Materials provided below:

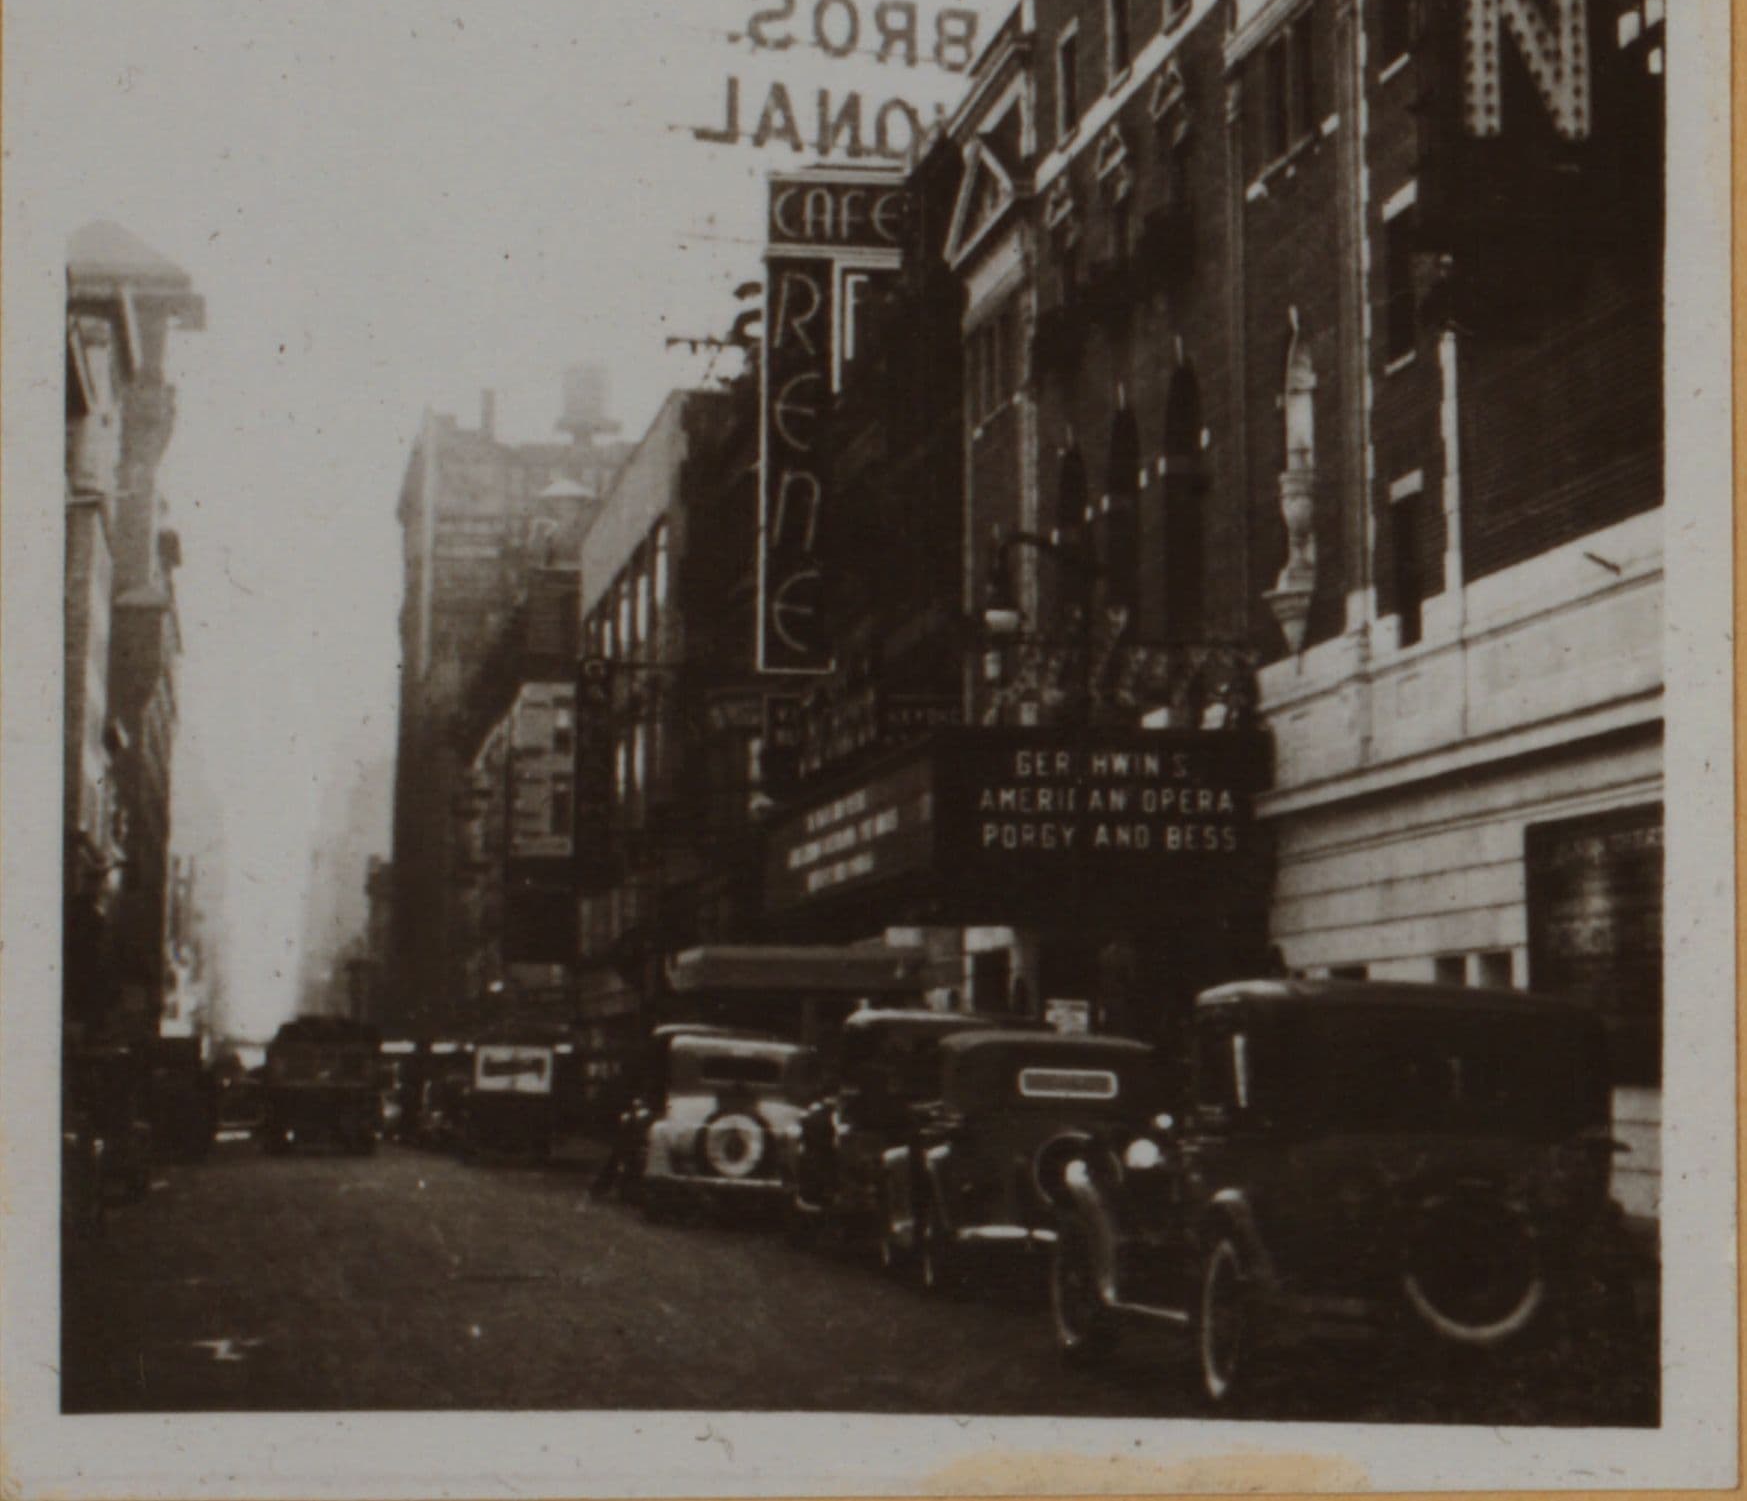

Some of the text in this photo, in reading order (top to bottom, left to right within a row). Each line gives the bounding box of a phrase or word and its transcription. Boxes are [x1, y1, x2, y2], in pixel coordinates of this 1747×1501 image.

[774, 186, 901, 243] CAFE
[1141, 788, 1235, 814] OPERA
[982, 822, 1238, 852] PORGY AND BESS
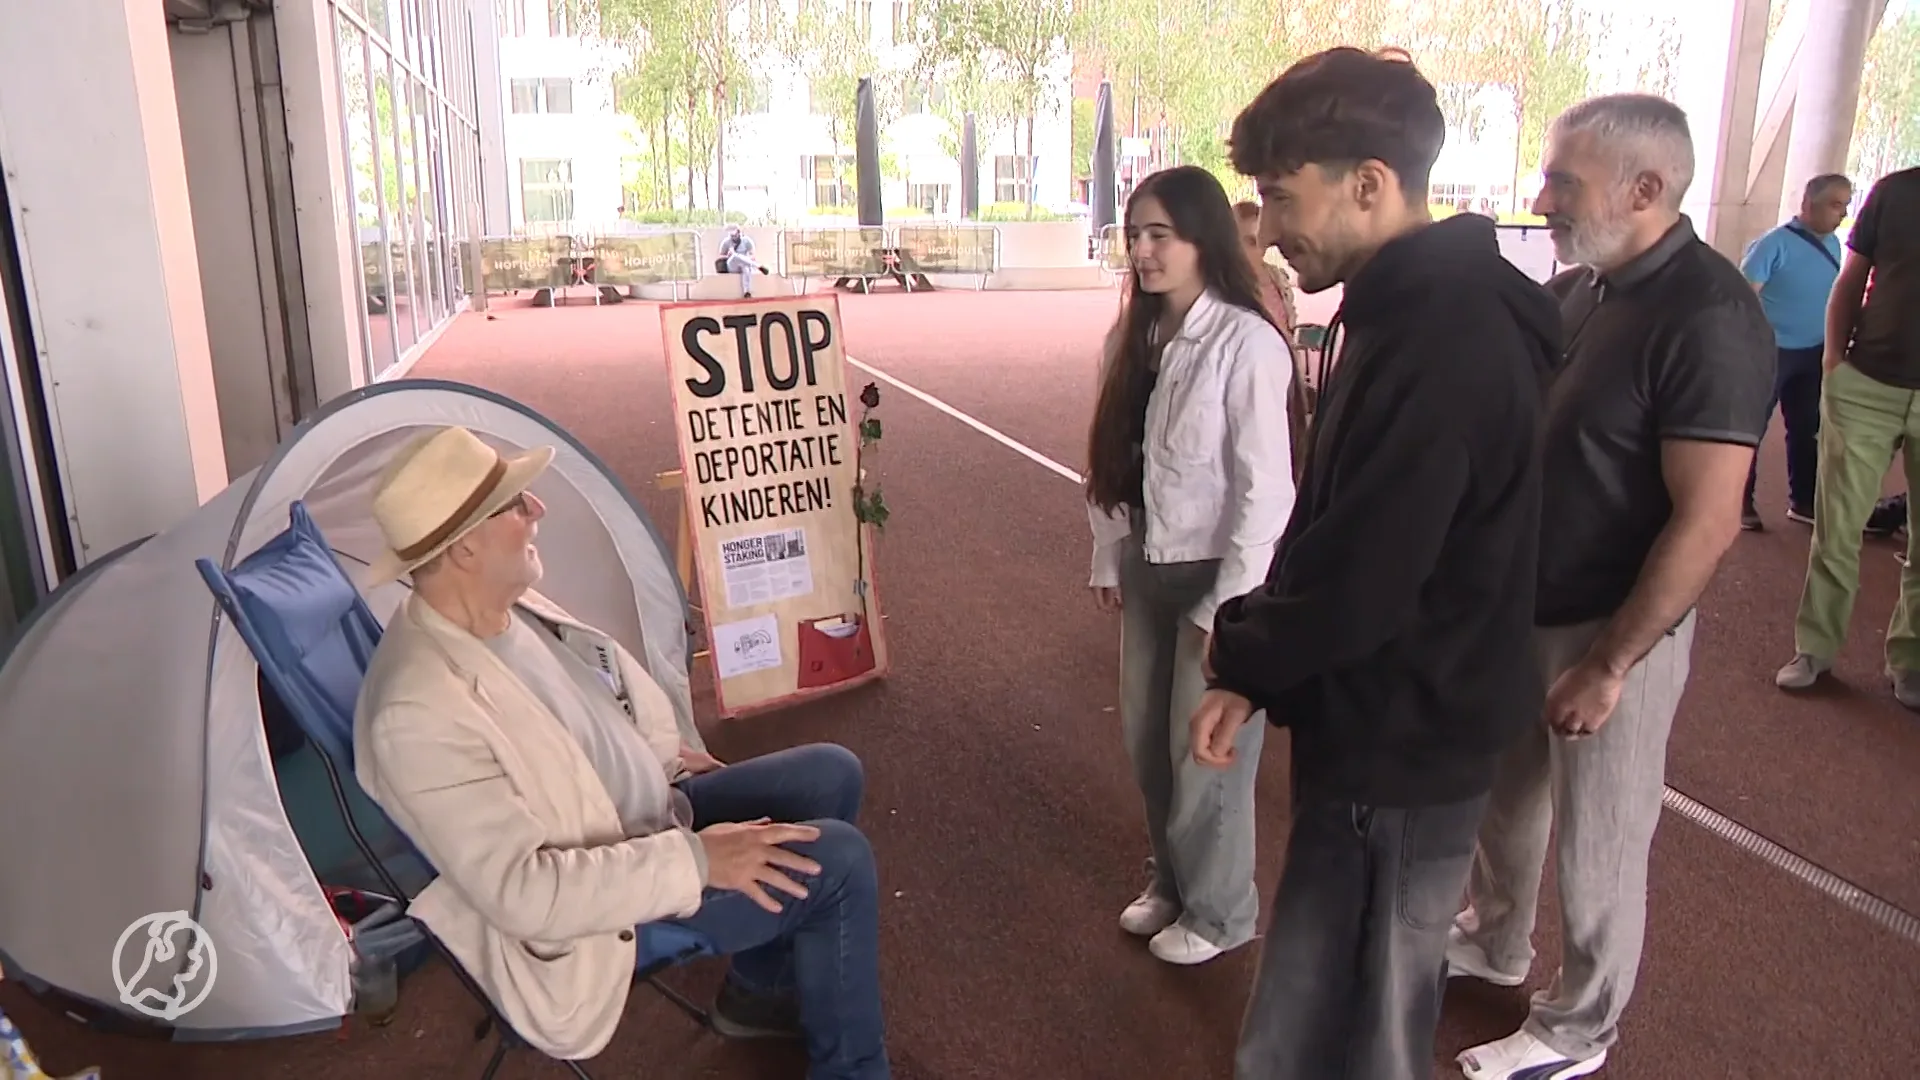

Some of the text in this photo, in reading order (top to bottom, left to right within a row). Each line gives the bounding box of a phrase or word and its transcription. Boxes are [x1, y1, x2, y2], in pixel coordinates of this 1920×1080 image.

[682, 310, 831, 398] STOP
[688, 393, 847, 443] DETENTIE EN
[694, 433, 842, 485] DEPORTATIE
[701, 477, 832, 528] KINDEREN!
[722, 537, 764, 553] HONGER
[723, 549, 765, 564] STAKING

End of Materials provided.

== Aim of the exercise ==
Everything from the line containing "this 1920×1080 image." to the last line of the material above must be copied exactly, and only that.

== Task result ==
Some of the text in this photo, in reading order (top to bottom, left to right within a row). Each line gives the bounding box of a phrase or word and its transcription. Boxes are [x1, y1, x2, y2], in pixel coordinates of this 1920×1080 image.

[682, 310, 831, 398] STOP
[688, 393, 847, 443] DETENTIE EN
[694, 433, 842, 485] DEPORTATIE
[701, 477, 832, 528] KINDEREN!
[722, 537, 764, 553] HONGER
[723, 549, 765, 564] STAKING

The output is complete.